Data frame or data.table containing the dataset to summarize. Automatically converted to a data.table for efficient processing.

by

Character string specifying the column name of the grouping variable for stratified analysis (e.g., treatment arm, exposure status). When NULL (default), produces overall summaries only without group comparisons or statistical tests.

variables

Character vector of variable names to summarize. Can include standard column names for continuous or categorical variables, and survival expressions using Surv() syntax (e.g., "Surv(os_months, os_status)"). Variables are processed in the order provided.

stats_continuous

Character vector specifying which statistics to compute for continuous variables. Multiple values create separate rows for each variable. Options:

"mean_sd" - Mean \(\pm\) standard deviation
"median_iqr" - Median [interquartile range]
"median_range" - Median (minimum-maximum)
"range" - Minimum-maximum only

Default is "median_iqr".

stats_categorical

Character string specifying the format for categorical variable summaries:

"n" - Count only
"percent" - Percentage only
"n_percent" - Count (percentage) [default]

digits

Integer specifying the number of decimal places for continuous statistics. Default is 1.

p_digits

Integer specifying the number of decimal places for p-values. Values smaller than 10^(-p_digits) are displayed as "< 0.001" (for p_digits = 3), "< 0.0001" (for p_digits = 4), etc.

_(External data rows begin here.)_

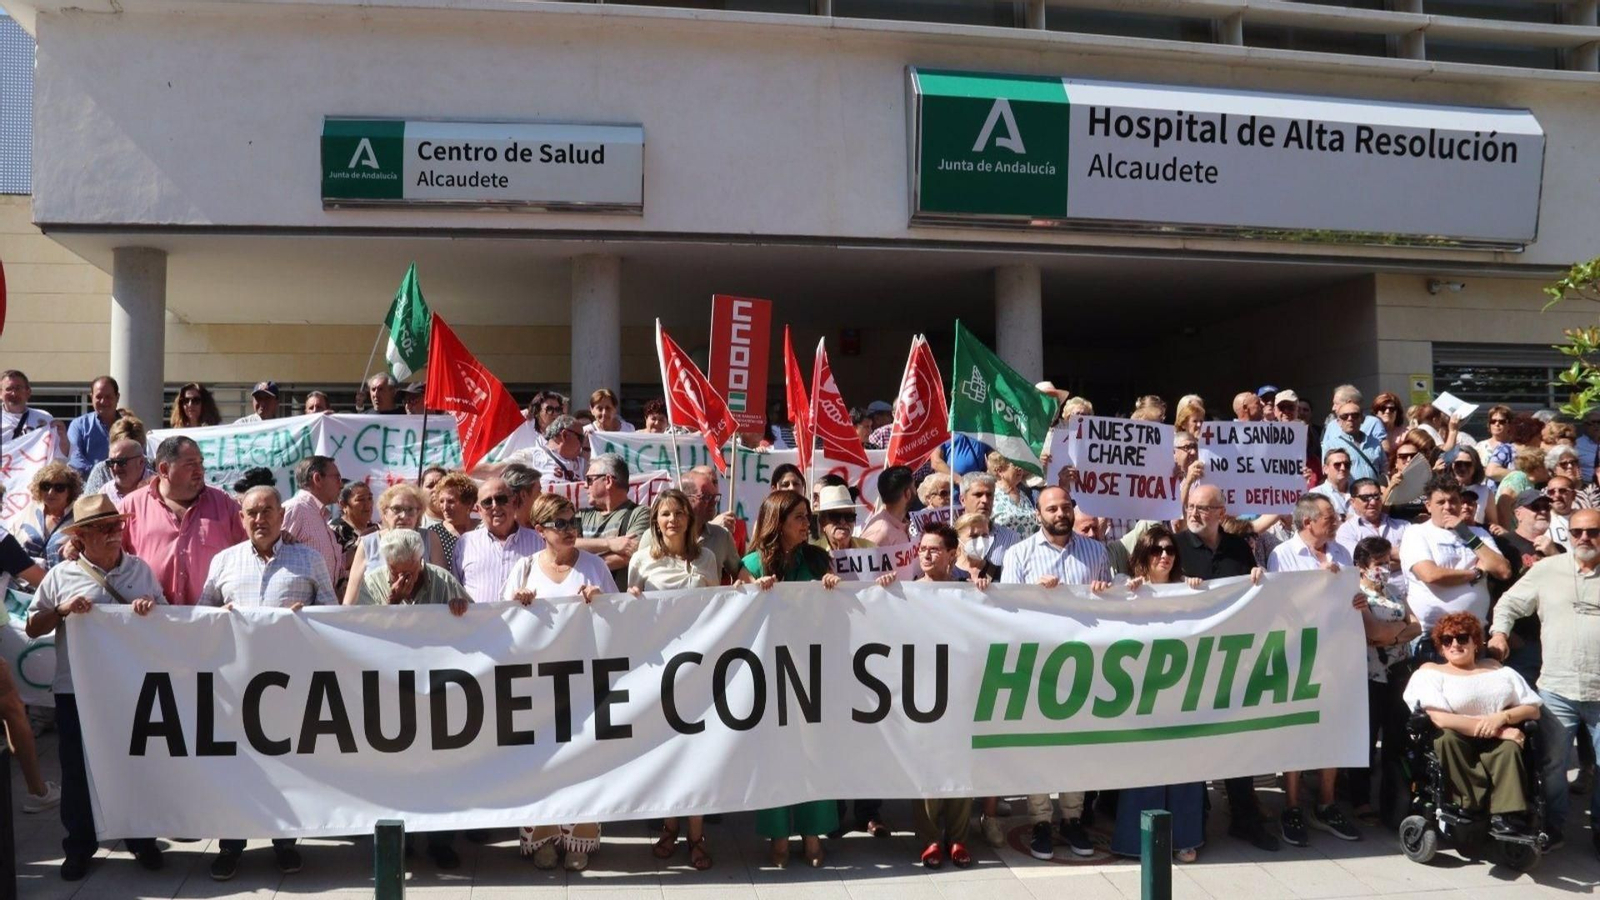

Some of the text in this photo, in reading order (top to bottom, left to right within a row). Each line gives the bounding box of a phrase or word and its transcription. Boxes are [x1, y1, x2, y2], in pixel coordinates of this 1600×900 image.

[1088, 106, 1517, 163] Hospital de Alta Resolución
[417, 140, 605, 165] Centro de Salud
[328, 171, 398, 181] Junta de Andalucía
[417, 170, 509, 188] Alcaudete
[937, 158, 1056, 175] Junta de Andalucía
[1087, 152, 1219, 185] Alcaudete
[729, 299, 753, 390] CCOO
[198, 425, 315, 471] ELEGADA
[1087, 443, 1148, 467] CHARE
[603, 441, 773, 484] CAUTE
[1210, 456, 1304, 475] NO SE VENDE
[1075, 470, 1098, 495] NO
[1098, 472, 1122, 496] SE
[836, 553, 863, 573] EN
[869, 553, 893, 573] LA
[129, 656, 633, 757] ALCAUDETE
[660, 643, 823, 736] CON
[851, 642, 950, 724] SU
[971, 626, 1322, 723] HOSPITAL

Default is 3.

conf_level

Numeric confidence level for confidence intervals in survival variable summaries (median survival time with CI). Must be between 0 and 1. Default is 0.95 (95% confidence intervals).

p_per_stat

Logical. If TRUE, displays p-values on each row (per statistic) rather than only on the first row of each variable. Useful when different statistics within a variable warrant separate significance testing. Default is FALSE.

na_include

Logical. If TRUE, missing values (NAs) are displayed as a separate category/row for each variable. If FALSE, missing values are silently excluded from calculations. Default is FALSE.

na_label

Character string used to label the missing values row when na_include = TRUE. Default is "Unknown".

na_percent

Logical. Controls how percentages are calculated for categorical variables when na_include = TRUE:

If TRUE, percentages include NAs in the denominator (all categories sum to 100%)
If FALSE, percentages exclude NAs from the denominator (non-missing categories sum to 100%, missing shown separately)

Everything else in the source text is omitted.